* Task directions
Please copy out the full listing that follows exactly; no picture belongs in the copy.

* Extracted data
* * * * * * * * *

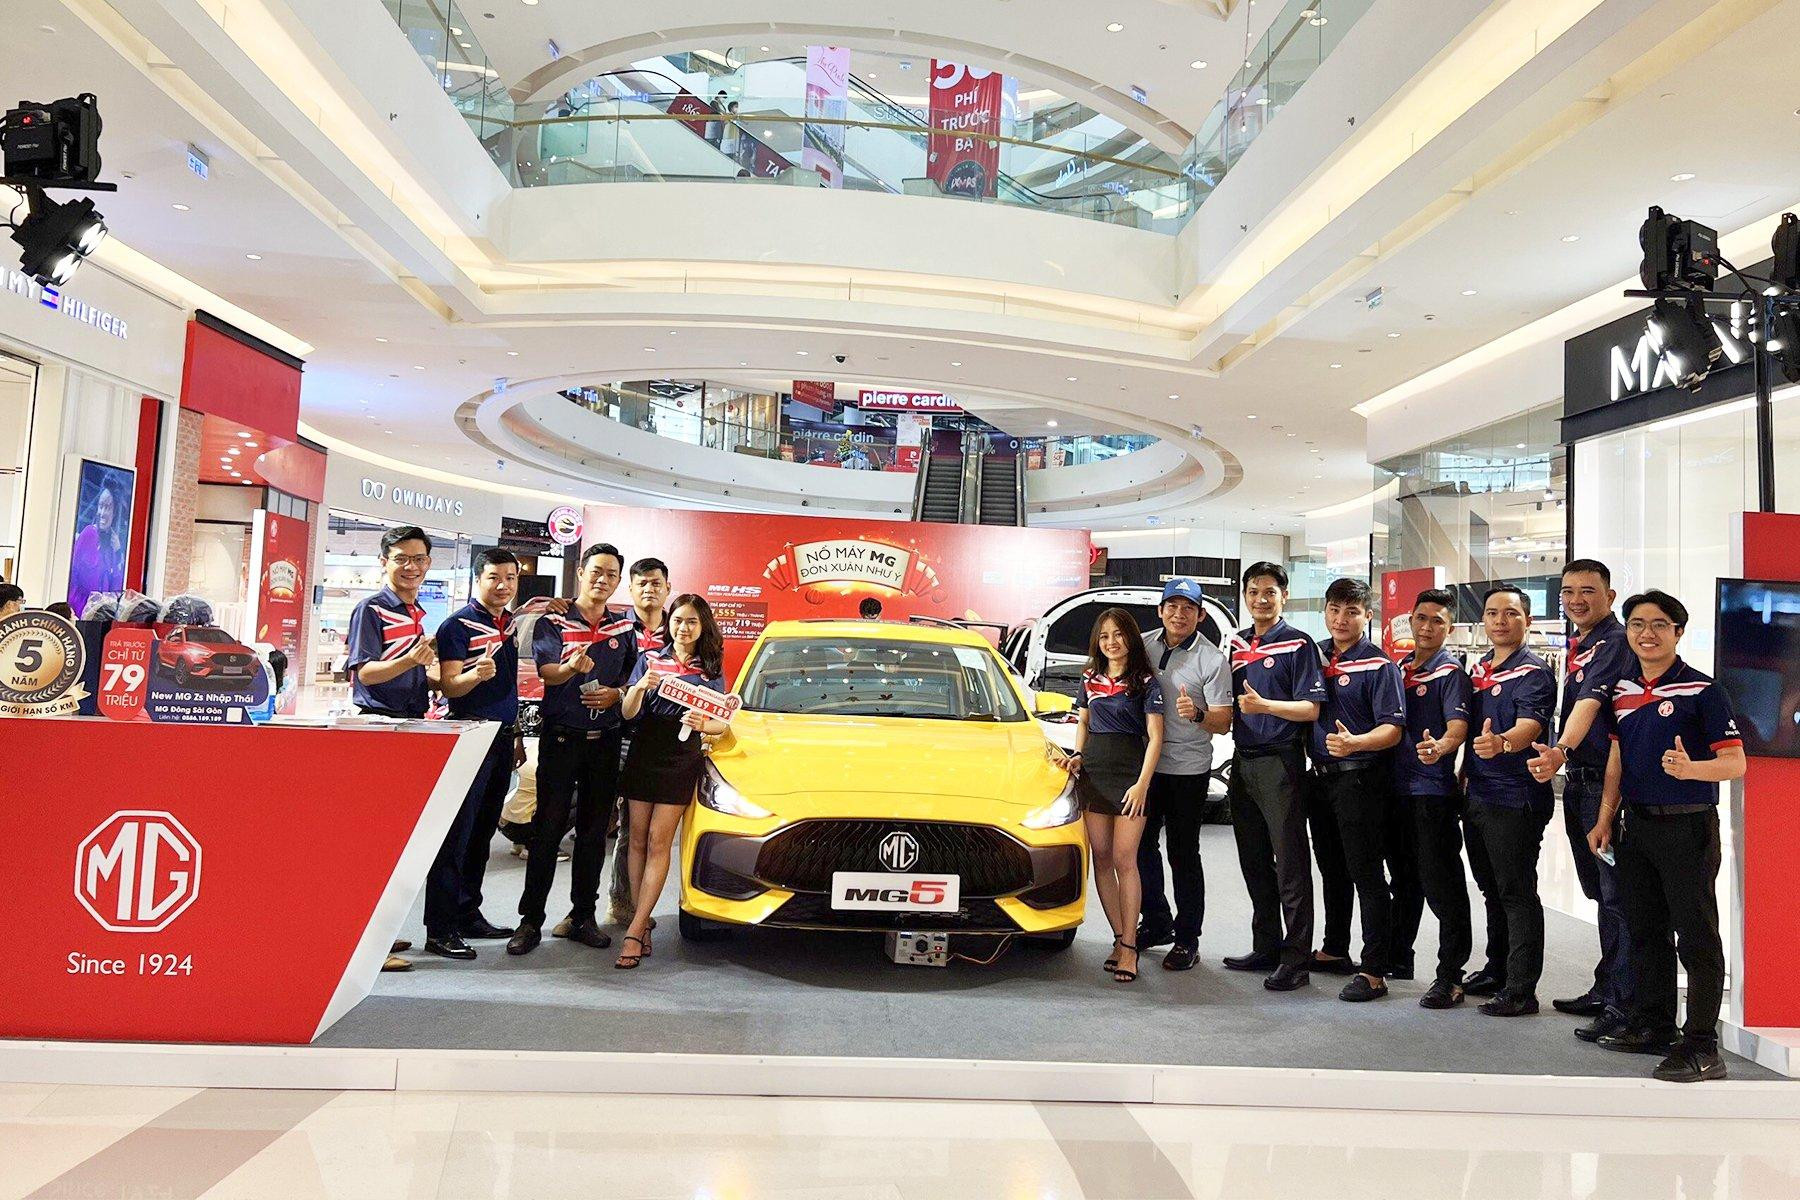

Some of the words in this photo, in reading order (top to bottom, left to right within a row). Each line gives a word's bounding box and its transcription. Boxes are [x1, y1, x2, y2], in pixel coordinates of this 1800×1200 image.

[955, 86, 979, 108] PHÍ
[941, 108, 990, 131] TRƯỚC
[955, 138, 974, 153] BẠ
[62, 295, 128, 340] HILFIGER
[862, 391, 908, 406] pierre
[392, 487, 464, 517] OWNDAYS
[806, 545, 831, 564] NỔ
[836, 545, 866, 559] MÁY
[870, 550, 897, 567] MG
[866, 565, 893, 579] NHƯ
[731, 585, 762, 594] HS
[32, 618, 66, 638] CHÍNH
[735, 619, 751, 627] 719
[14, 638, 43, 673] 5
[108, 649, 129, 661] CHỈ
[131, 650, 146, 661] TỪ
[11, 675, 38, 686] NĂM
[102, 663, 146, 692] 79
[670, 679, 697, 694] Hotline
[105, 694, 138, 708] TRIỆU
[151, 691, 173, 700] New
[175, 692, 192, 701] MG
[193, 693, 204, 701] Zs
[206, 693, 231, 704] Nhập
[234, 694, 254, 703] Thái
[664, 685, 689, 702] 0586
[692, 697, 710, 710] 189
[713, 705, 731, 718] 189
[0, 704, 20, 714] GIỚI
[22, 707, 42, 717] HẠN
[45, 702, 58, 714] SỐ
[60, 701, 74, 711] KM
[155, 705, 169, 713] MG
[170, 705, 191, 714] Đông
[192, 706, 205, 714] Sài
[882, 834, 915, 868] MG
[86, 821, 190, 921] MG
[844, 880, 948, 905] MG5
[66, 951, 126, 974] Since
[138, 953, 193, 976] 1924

* * * * * * * * *

* Output for this exercise
Some of the words in this photo, in reading order (top to bottom, left to right within a row). Each line gives a word's bounding box and its transcription. Boxes are [x1, y1, x2, y2], in pixel coordinates of this 1800×1200 image.

[955, 86, 979, 108] PHÍ
[941, 108, 990, 131] TRƯỚC
[955, 138, 974, 153] BẠ
[62, 295, 128, 340] HILFIGER
[862, 391, 908, 406] pierre
[392, 487, 464, 517] OWNDAYS
[806, 545, 831, 564] NỔ
[836, 545, 866, 559] MÁY
[870, 550, 897, 567] MG
[866, 565, 893, 579] NHƯ
[731, 585, 762, 594] HS
[32, 618, 66, 638] CHÍNH
[735, 619, 751, 627] 719
[14, 638, 43, 673] 5
[108, 649, 129, 661] CHỈ
[131, 650, 146, 661] TỪ
[11, 675, 38, 686] NĂM
[102, 663, 146, 692] 79
[670, 679, 697, 694] Hotline
[105, 694, 138, 708] TRIỆU
[151, 691, 173, 700] New
[175, 692, 192, 701] MG
[193, 693, 204, 701] Zs
[206, 693, 231, 704] Nhập
[234, 694, 254, 703] Thái
[664, 685, 689, 702] 0586
[692, 697, 710, 710] 189
[713, 705, 731, 718] 189
[0, 704, 20, 714] GIỚI
[22, 707, 42, 717] HẠN
[45, 702, 58, 714] SỐ
[60, 701, 74, 711] KM
[155, 705, 169, 713] MG
[170, 705, 191, 714] Đông
[192, 706, 205, 714] Sài
[882, 834, 915, 868] MG
[86, 821, 190, 921] MG
[844, 880, 948, 905] MG5
[66, 951, 126, 974] Since
[138, 953, 193, 976] 1924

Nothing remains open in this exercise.